## ABOUT THIS TASK
Output the full listing below exactly as it reads, and skip anything that is a picture.

## DATASET ENTRIES
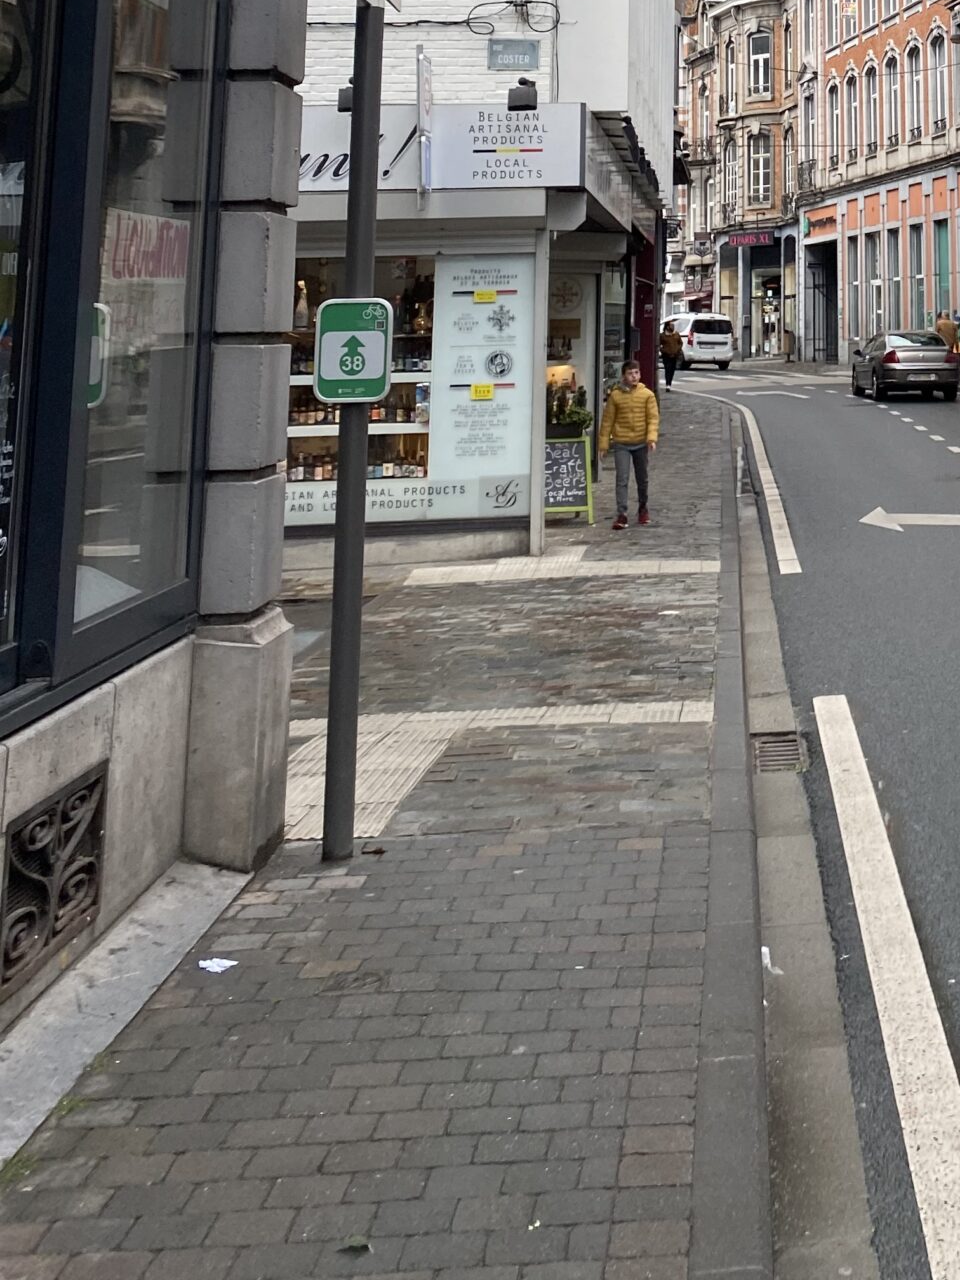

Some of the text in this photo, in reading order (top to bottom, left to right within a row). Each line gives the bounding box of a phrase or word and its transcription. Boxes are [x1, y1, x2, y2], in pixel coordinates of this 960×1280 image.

[497, 54, 530, 64] COSTER
[478, 111, 540, 122] BELGIAN
[468, 124, 549, 134] ARTISANAL
[473, 135, 543, 145] PRODUCTS
[486, 158, 529, 169] LOCAL
[472, 170, 543, 180] PRODUCTS
[341, 355, 363, 371] 38
[544, 459, 584, 474] Craft
[404, 484, 466, 496] PRODUCTS
[290, 500, 314, 512] AND
[371, 498, 434, 510] PRODUCTS

## RESULT FOR THIS EXERCISE
Some of the text in this photo, in reading order (top to bottom, left to right within a row). Each line gives the bounding box of a phrase or word and its transcription. Boxes are [x1, y1, x2, y2], in pixel coordinates of this 960×1280 image.

[497, 54, 530, 64] COSTER
[478, 111, 540, 122] BELGIAN
[468, 124, 549, 134] ARTISANAL
[473, 135, 543, 145] PRODUCTS
[486, 158, 529, 169] LOCAL
[472, 170, 543, 180] PRODUCTS
[341, 355, 363, 371] 38
[544, 459, 584, 474] Craft
[404, 484, 466, 496] PRODUCTS
[290, 500, 314, 512] AND
[371, 498, 434, 510] PRODUCTS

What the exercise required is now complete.